**Work task**
Only one span belongs in the answer: the line holding "Some of the text" through the last line of the entries below, retyped exactly.

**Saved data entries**

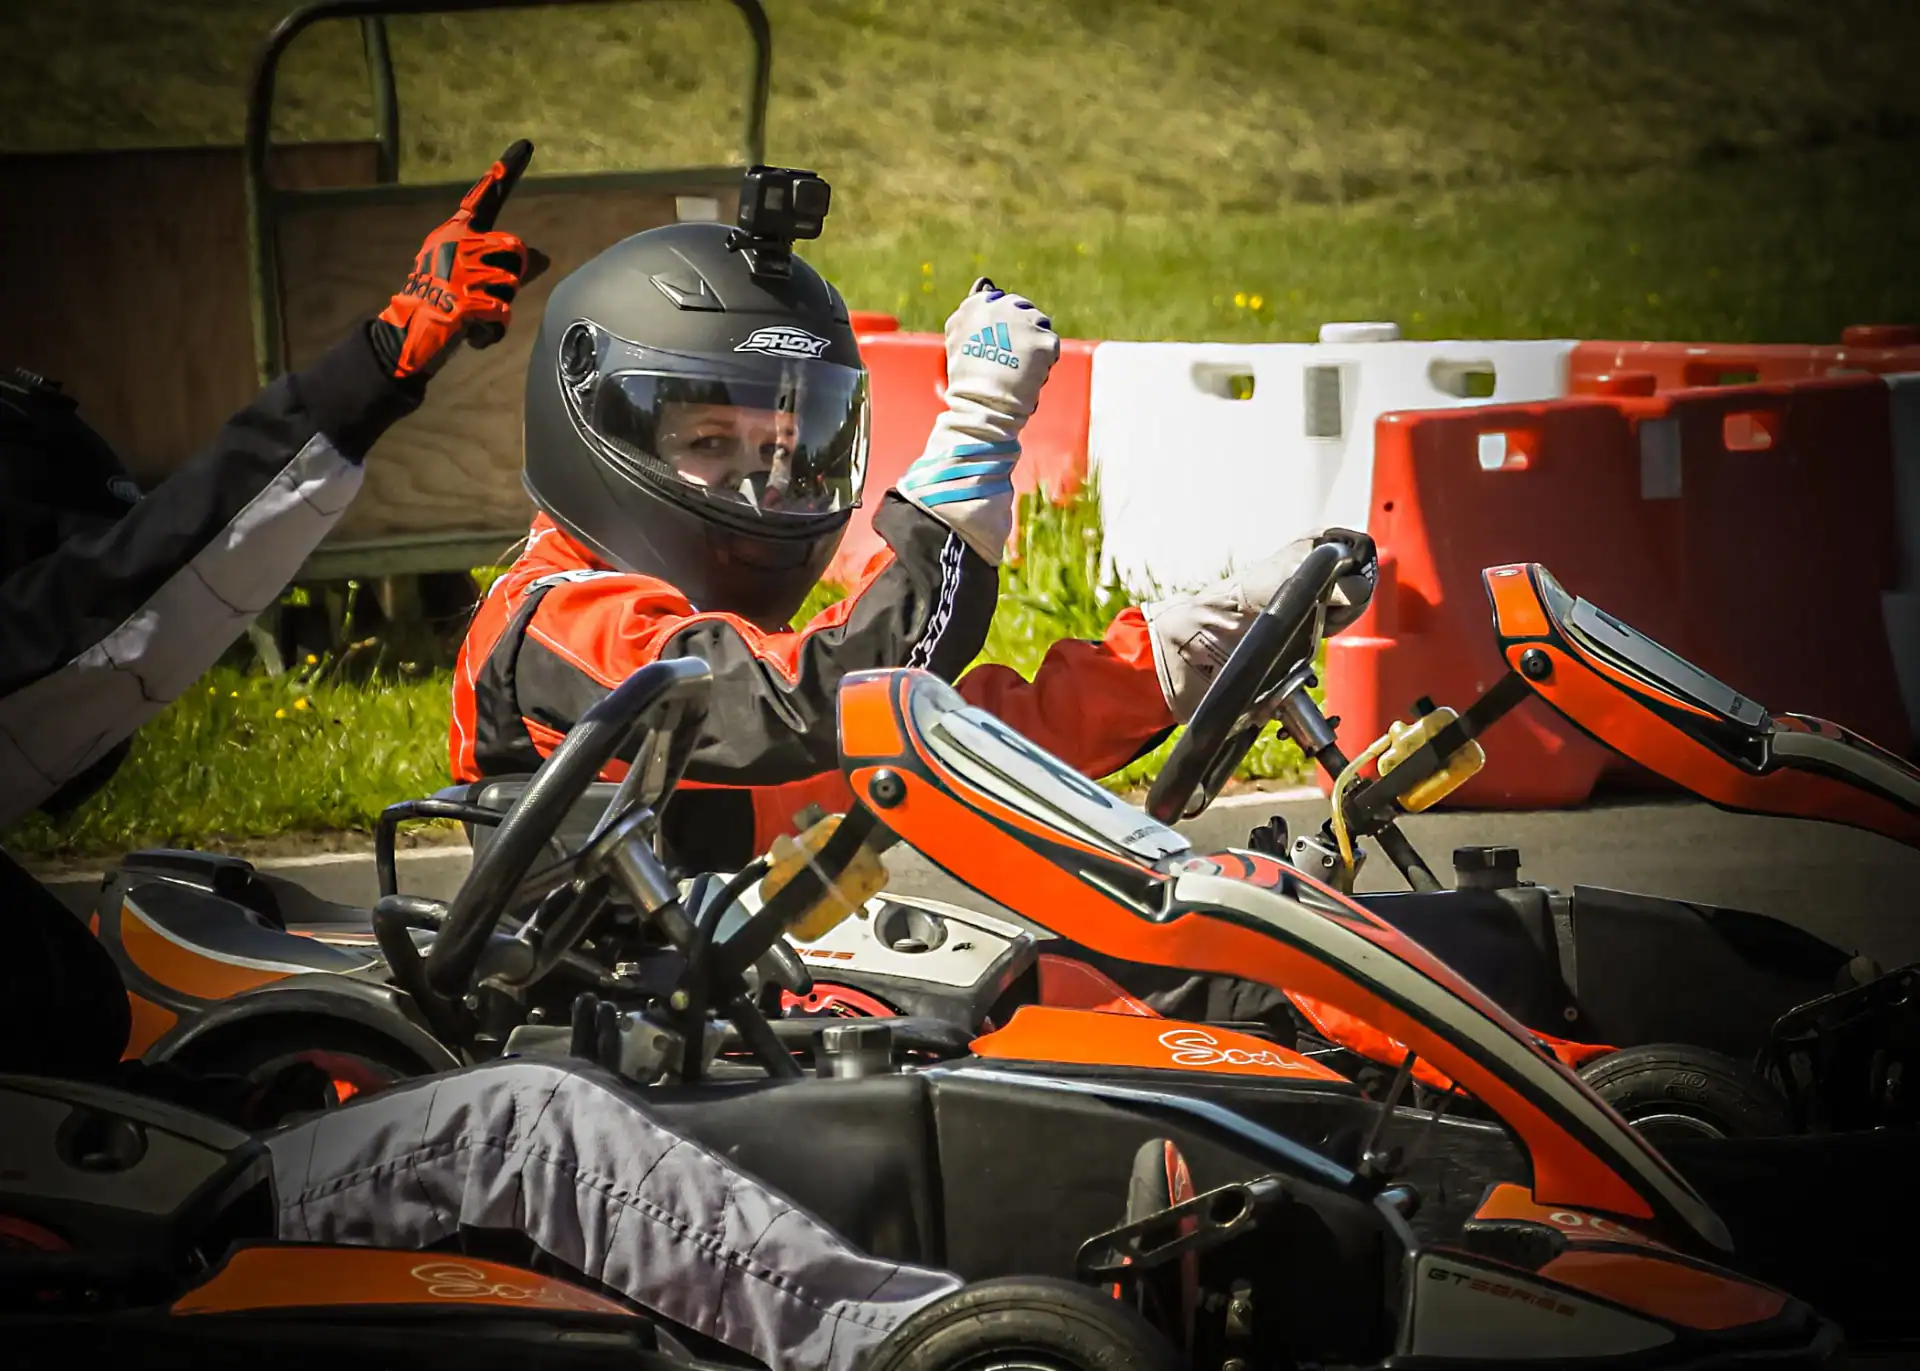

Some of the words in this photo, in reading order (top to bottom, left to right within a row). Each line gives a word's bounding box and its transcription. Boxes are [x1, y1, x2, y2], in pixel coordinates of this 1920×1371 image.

[402, 273, 457, 314] didas
[746, 333, 823, 354] SHOX
[961, 342, 1020, 369] adidas
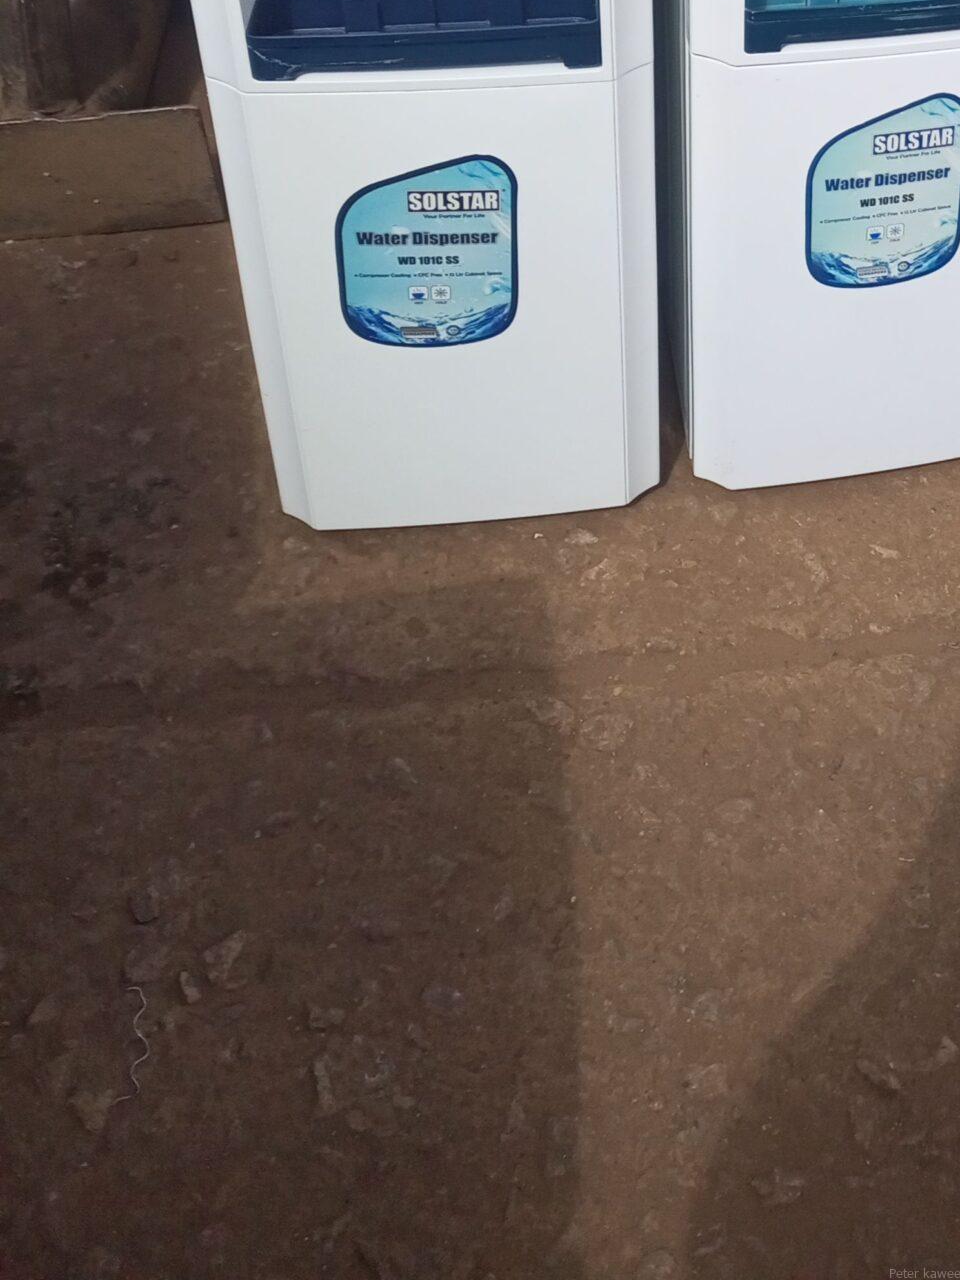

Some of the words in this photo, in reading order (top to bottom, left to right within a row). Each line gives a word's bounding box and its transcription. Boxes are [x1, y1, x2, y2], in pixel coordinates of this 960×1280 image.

[873, 127, 954, 154] SOLSTAR
[825, 176, 872, 193] Water
[874, 167, 951, 187] Dispenser
[408, 191, 499, 211] SOLSTAR
[860, 198, 876, 208] WD
[878, 195, 900, 206] 101C
[902, 193, 915, 203] SS
[356, 231, 409, 246] Water
[411, 231, 499, 247] Dispenser
[397, 256, 417, 266] WD
[419, 256, 443, 266] 101C
[445, 255, 460, 265] SS
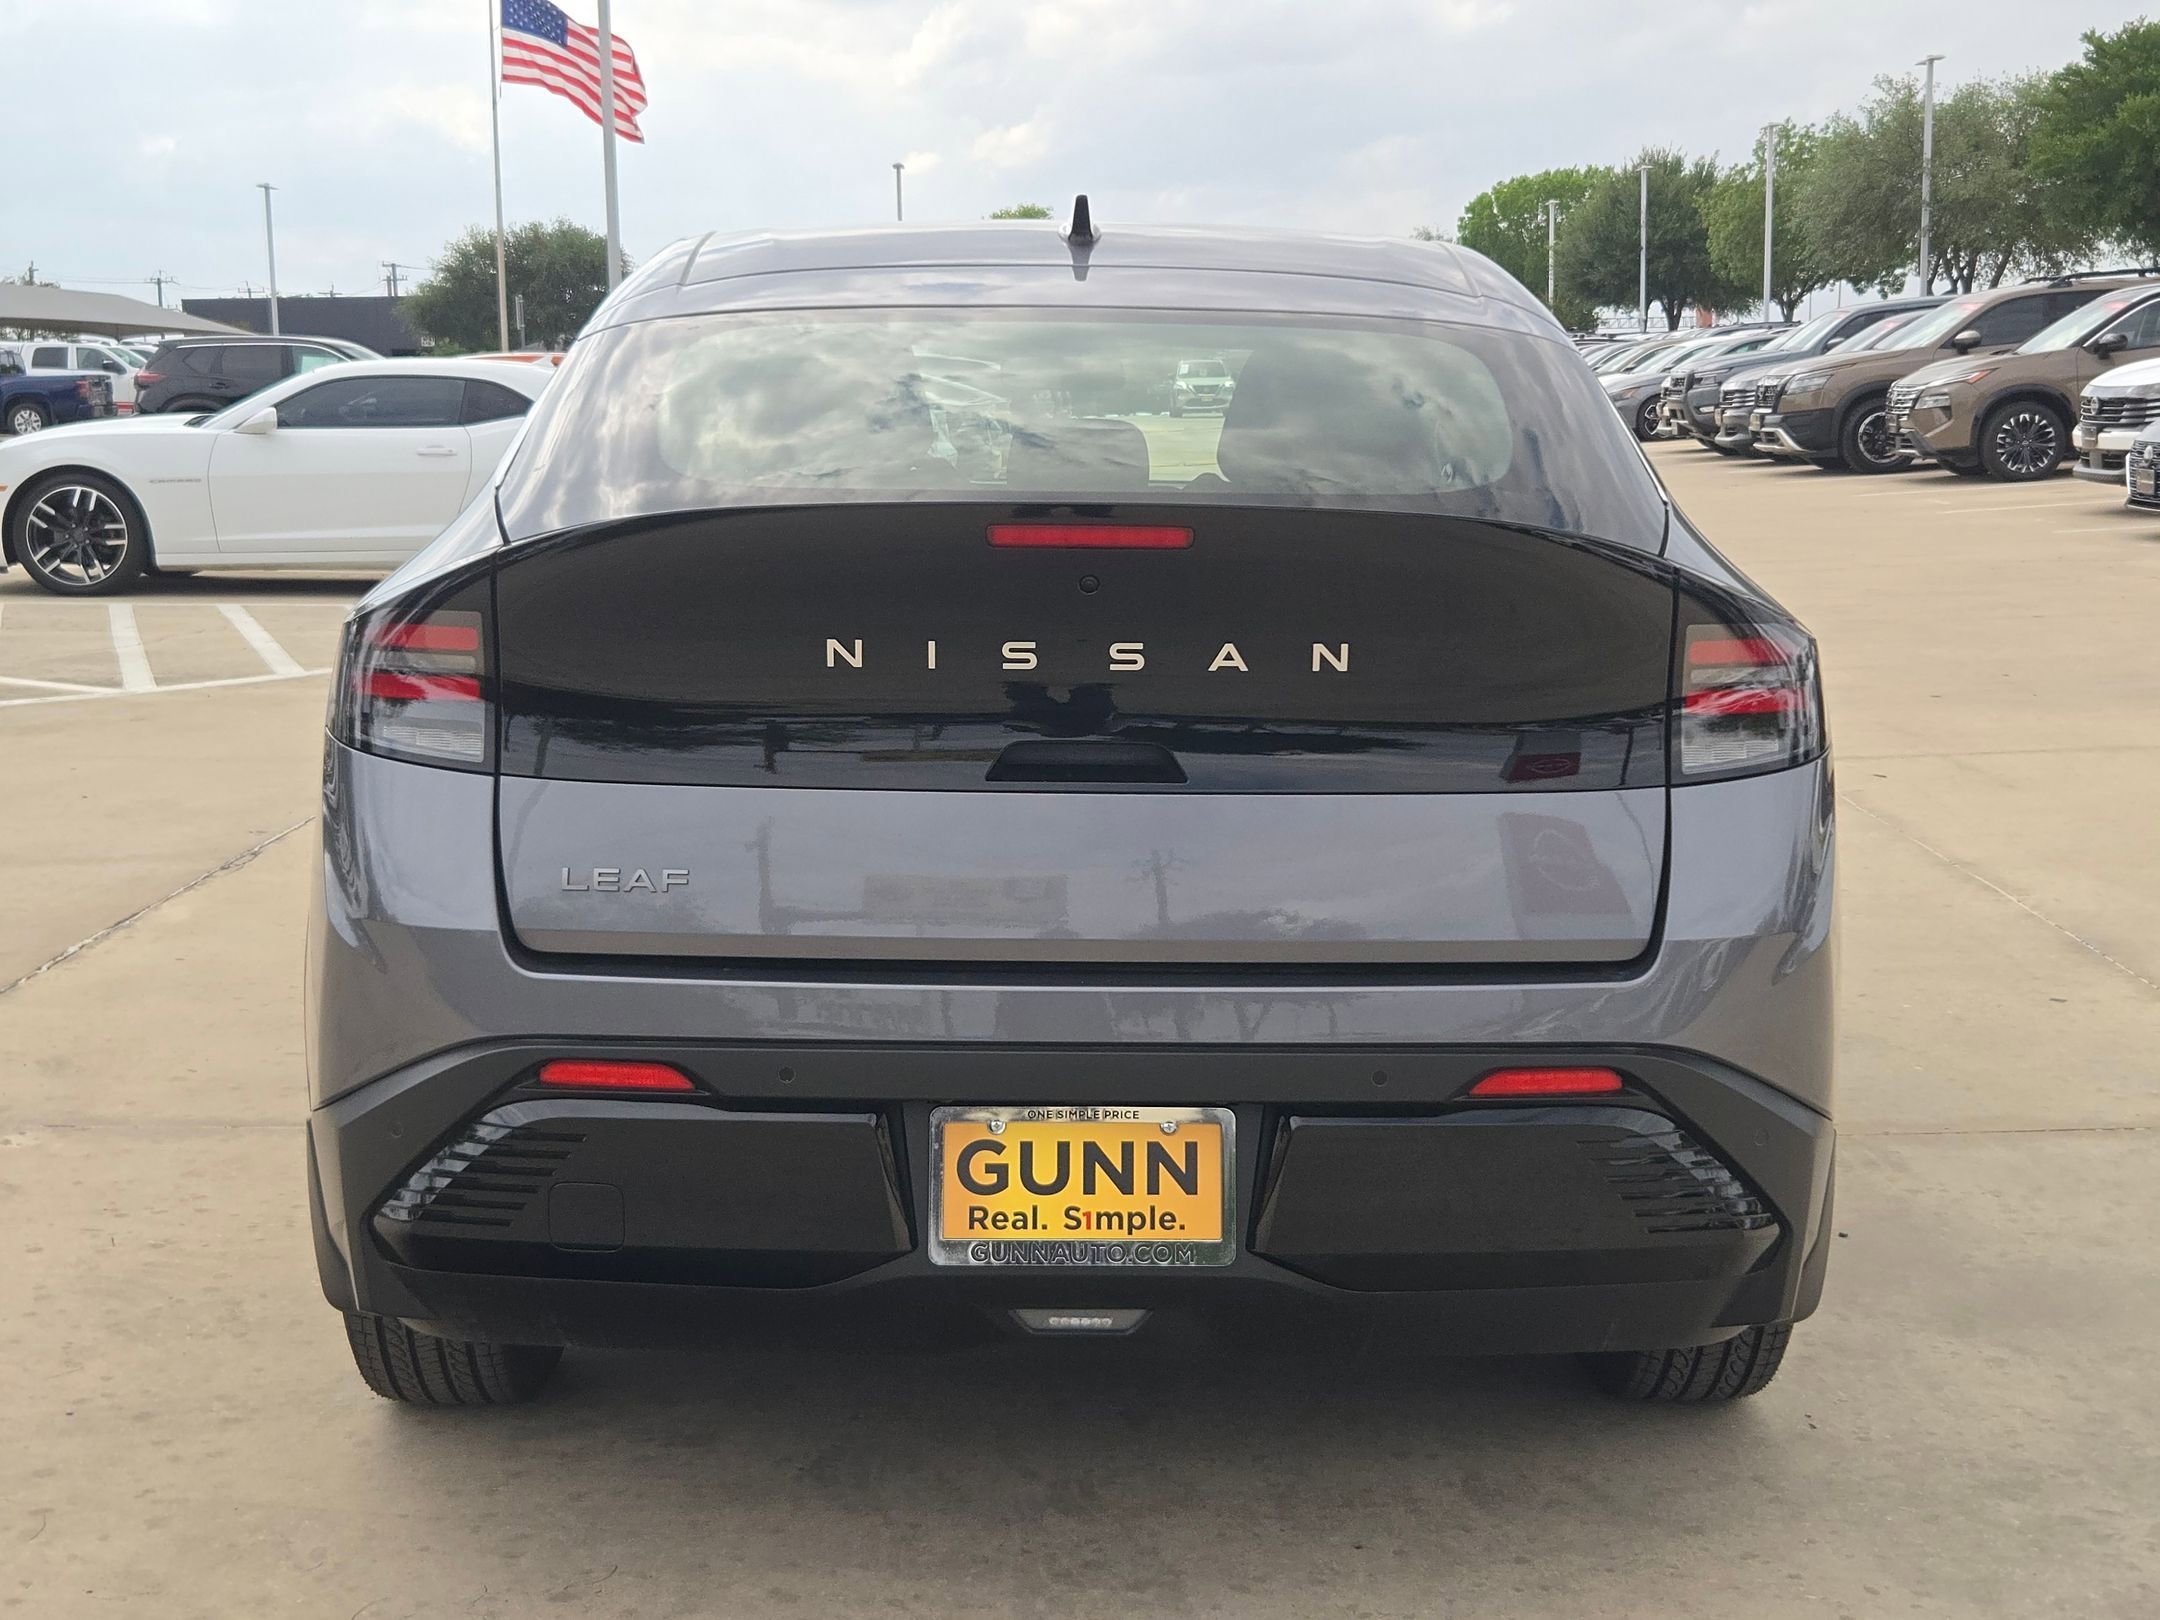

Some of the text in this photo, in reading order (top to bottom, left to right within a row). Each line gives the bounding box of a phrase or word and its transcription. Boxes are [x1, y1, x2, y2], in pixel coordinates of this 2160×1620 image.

[825, 638, 1349, 672] NISSAN
[561, 867, 689, 893] LEAF
[1027, 1109, 1140, 1120] ONE SIMPLE PRICE
[956, 1139, 1198, 1196] GUNN
[968, 1205, 1048, 1230] Real.
[970, 1241, 1195, 1265] GUNNAUTO.COM

**Final answer**
Some of the text in this photo, in reading order (top to bottom, left to right within a row). Each line gives the bounding box of a phrase or word and its transcription. Boxes are [x1, y1, x2, y2], in pixel coordinates of this 2160×1620 image.

[825, 638, 1349, 672] NISSAN
[561, 867, 689, 893] LEAF
[1027, 1109, 1140, 1120] ONE SIMPLE PRICE
[956, 1139, 1198, 1196] GUNN
[968, 1205, 1048, 1230] Real.
[970, 1241, 1195, 1265] GUNNAUTO.COM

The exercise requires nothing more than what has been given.